▶ **TASK DIRECTIONS**: Word for word, set down the full listing below.

* * *

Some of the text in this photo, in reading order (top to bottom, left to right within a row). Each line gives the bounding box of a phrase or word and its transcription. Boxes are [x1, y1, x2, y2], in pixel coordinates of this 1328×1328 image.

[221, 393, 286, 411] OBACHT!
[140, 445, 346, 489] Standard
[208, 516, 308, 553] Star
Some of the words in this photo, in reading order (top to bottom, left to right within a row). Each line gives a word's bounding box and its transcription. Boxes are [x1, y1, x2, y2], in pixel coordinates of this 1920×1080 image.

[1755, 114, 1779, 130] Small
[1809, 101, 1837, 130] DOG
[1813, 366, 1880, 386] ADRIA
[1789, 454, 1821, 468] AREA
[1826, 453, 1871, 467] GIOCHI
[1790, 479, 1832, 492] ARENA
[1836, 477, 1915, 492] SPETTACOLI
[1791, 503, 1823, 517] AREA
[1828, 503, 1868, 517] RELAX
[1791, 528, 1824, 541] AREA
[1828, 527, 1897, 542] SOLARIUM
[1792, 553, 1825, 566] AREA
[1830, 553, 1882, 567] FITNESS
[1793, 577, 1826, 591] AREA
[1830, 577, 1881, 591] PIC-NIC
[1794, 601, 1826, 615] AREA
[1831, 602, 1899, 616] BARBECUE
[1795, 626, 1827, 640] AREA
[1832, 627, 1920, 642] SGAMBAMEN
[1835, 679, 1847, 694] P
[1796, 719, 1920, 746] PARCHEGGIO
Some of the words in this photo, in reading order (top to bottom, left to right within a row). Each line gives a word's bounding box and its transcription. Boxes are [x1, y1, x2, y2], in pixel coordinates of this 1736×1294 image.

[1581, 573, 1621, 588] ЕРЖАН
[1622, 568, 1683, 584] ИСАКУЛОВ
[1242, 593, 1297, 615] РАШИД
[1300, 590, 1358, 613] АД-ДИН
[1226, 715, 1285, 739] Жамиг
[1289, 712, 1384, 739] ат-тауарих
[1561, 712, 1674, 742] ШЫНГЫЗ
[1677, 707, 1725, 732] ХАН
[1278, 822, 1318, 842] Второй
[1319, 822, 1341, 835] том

* * *

▶ **THE ANSWER**:
Some of the text in this photo, in reading order (top to bottom, left to right within a row). Each line gives the bounding box of a phrase or word and its transcription. Boxes are [x1, y1, x2, y2], in pixel coordinates of this 1328×1328 image.

[221, 393, 286, 411] OBACHT!
[140, 445, 346, 489] Standard
[208, 516, 308, 553] Star
Some of the words in this photo, in reading order (top to bottom, left to right within a row). Each line gives a word's bounding box and its transcription. Boxes are [x1, y1, x2, y2], in pixel coordinates of this 1920×1080 image.

[1755, 114, 1779, 130] Small
[1809, 101, 1837, 130] DOG
[1813, 366, 1880, 386] ADRIA
[1789, 454, 1821, 468] AREA
[1826, 453, 1871, 467] GIOCHI
[1790, 479, 1832, 492] ARENA
[1836, 477, 1915, 492] SPETTACOLI
[1791, 503, 1823, 517] AREA
[1828, 503, 1868, 517] RELAX
[1791, 528, 1824, 541] AREA
[1828, 527, 1897, 542] SOLARIUM
[1792, 553, 1825, 566] AREA
[1830, 553, 1882, 567] FITNESS
[1793, 577, 1826, 591] AREA
[1830, 577, 1881, 591] PIC-NIC
[1794, 601, 1826, 615] AREA
[1831, 602, 1899, 616] BARBECUE
[1795, 626, 1827, 640] AREA
[1832, 627, 1920, 642] SGAMBAMEN
[1835, 679, 1847, 694] P
[1796, 719, 1920, 746] PARCHEGGIO
Some of the words in this photo, in reading order (top to bottom, left to right within a row). Each line gives a word's bounding box and its transcription. Boxes are [x1, y1, x2, y2], in pixel coordinates of this 1736×1294 image.

[1581, 573, 1621, 588] ЕРЖАН
[1622, 568, 1683, 584] ИСАКУЛОВ
[1242, 593, 1297, 615] РАШИД
[1300, 590, 1358, 613] АД-ДИН
[1226, 715, 1285, 739] Жамиг
[1289, 712, 1384, 739] ат-тауарих
[1561, 712, 1674, 742] ШЫНГЫЗ
[1677, 707, 1725, 732] ХАН
[1278, 822, 1318, 842] Второй
[1319, 822, 1341, 835] том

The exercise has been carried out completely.